Introduction to the Study of the Law of the Constitution, ed. Roger E. Michener (Indianapolis: Liberty Fund 1982).

About Liberty Fund:

Liberty Fund, Inc. is a private, educational foundation established to encourage the study of the ideal of a society of free and responsible individuals.


Chapter X

THE REVENUE1

RevenueAs in treating of the army my aim was simply to point out what were the principles determining the relation of the armed forces of the country to the law on the land, so in treating forces of the revenue my aim is not to give even a sketch of the matters connected with the raising, the collection, and the expenditure of the national income, but simply to show that the collection and expenditure of the revenue, and all things appertaining thereto, are governed by strict rules of law. Attention should be fixed upon three points,— the source of the public revenue—the authority for expending the public revenue—and the securities provided by law for the due appropriation of the public revenue, that is, for its being expended in the exact manner which the law directs.

SOURCE OF PUBLIC REVENUE

Source It is laid down by Blackstone and other authorities that the revenue consists of the hereditary or “ordinary” revenue of the Crown and of the “extraordinary” revenue depending upon taxes imposed by Parliament. Historically this distinction is of interest. But for our purpose we need hardly trouble ourselves at all with the hereditary revenue of the Crown, arising from Crown lands, droits of admiralty, and the like. It forms an insignificant portion of the national resources, amounting to not much more than £500,000 a year. It does not, moreover, at the present moment belong specially to the Crown, for it was commuted at the beginning of the reign of the present King,2 as it was at the beginning of the reign of William iv. and of the reign of Queen Victoria, for a fixed “civil list,”3 or sum payable yearly for the support of the dignity of the Crown. The whole then of the hereditary revenue is now paid into the national exchequer and forms part of the income of the nation. We may, therefore, putting the hereditary revenue out of our minds, direct our whole attention to what is oddly enough called the “extraordinary,” but is in reality the ordinary, or Parliamentary, revenue of the nation.

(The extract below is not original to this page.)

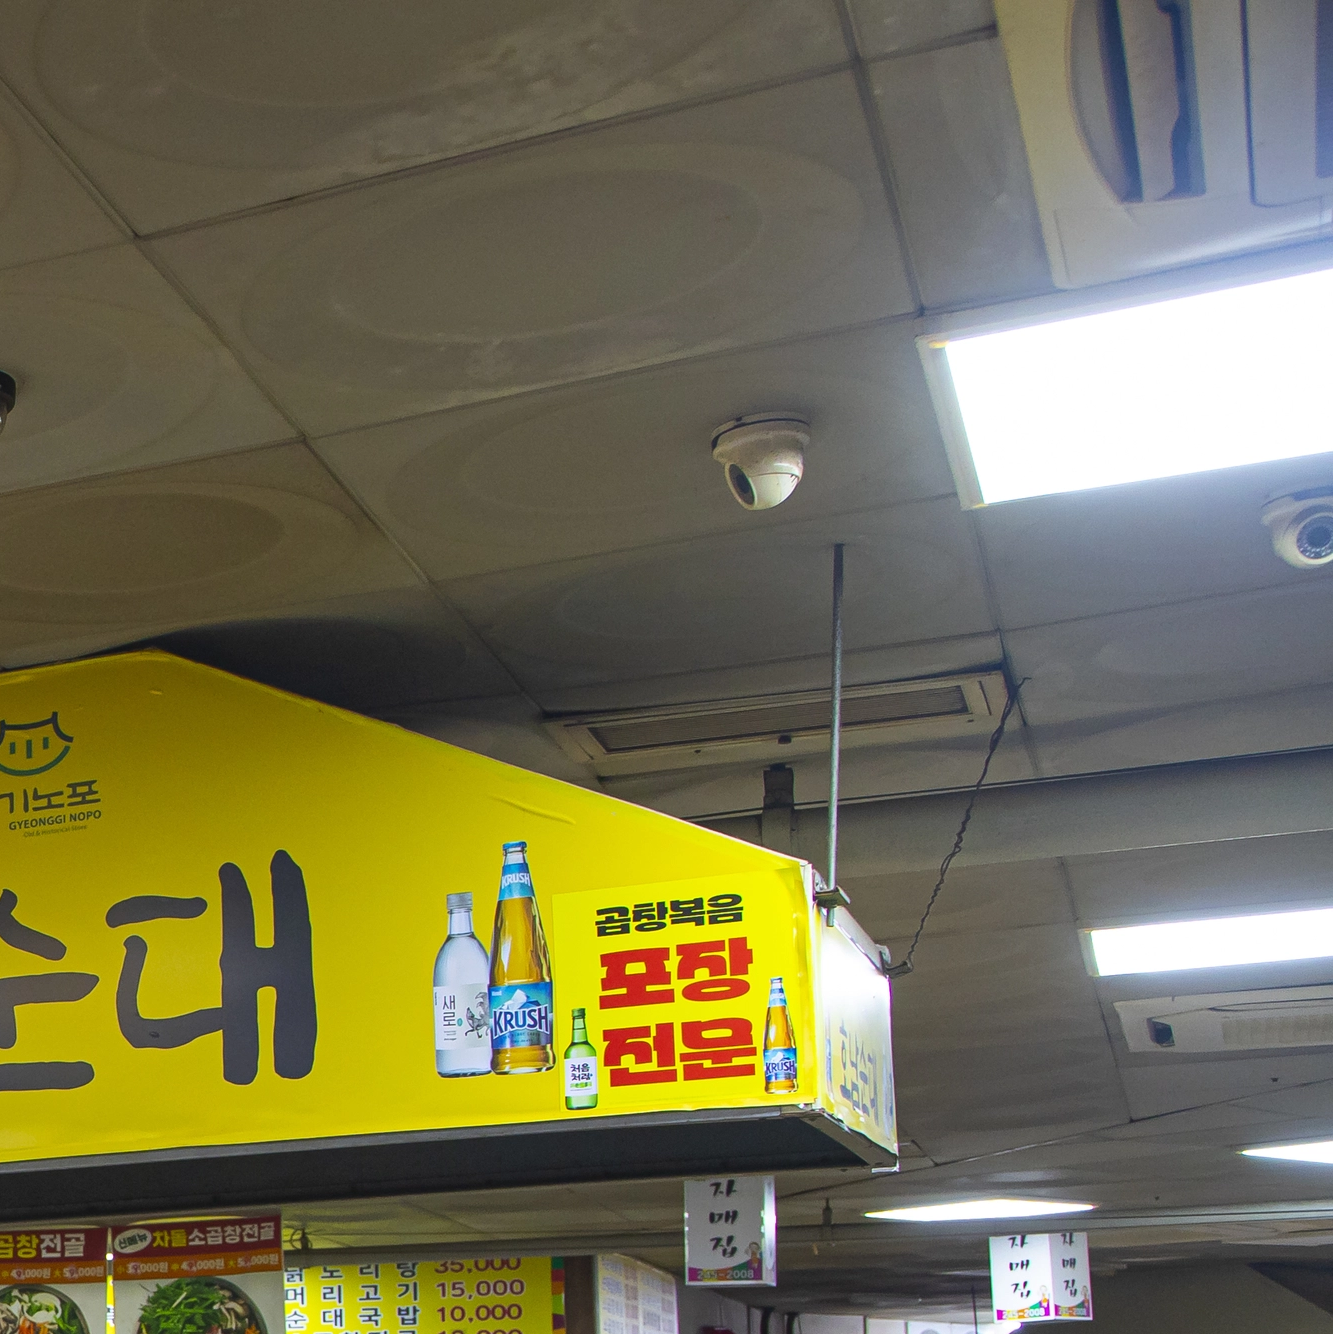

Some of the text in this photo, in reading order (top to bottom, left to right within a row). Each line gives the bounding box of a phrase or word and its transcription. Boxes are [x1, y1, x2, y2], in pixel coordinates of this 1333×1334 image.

The whole of the national revenue had come to amount in a normal year to somewhere about £144,000,000.4 It is (if we put out of sight the small hereditary revenue of the Crown) raised wholly by taxes imposed by law. The national revenue, therefore, depends wholly upon law and upon statute-law; it is the creation of Acts of Parliament.

While no one can nowadays fancy that taxes can be raised otherwise than in virtue of an Act of Parliament, there prevails, it may be suspected, with many of us a good deal of confusion of mind as to the exact relation between the raising of the revenue and the sitting of Parliament. People often talk as though, if Parliament did not meet, no taxes would be legally payable, and the assembling of Parliament were therefore secured by the necessity of filling the national exchequer. This idea is encouraged by the study of periods, such as the reign of Charles I., during which the Crown could not legally obtain necessary supplies without the constant intervention of Parliament. But the notion that at the present day no money could legally be levied if Parliament ceased to meet is unfounded. Millions of money would come into the Exchequer even though Parliament did not sit at all. For though all taxation depends upon Act of Parliament, it is far from being the case that all taxation now depends upon annual or temporary Acts.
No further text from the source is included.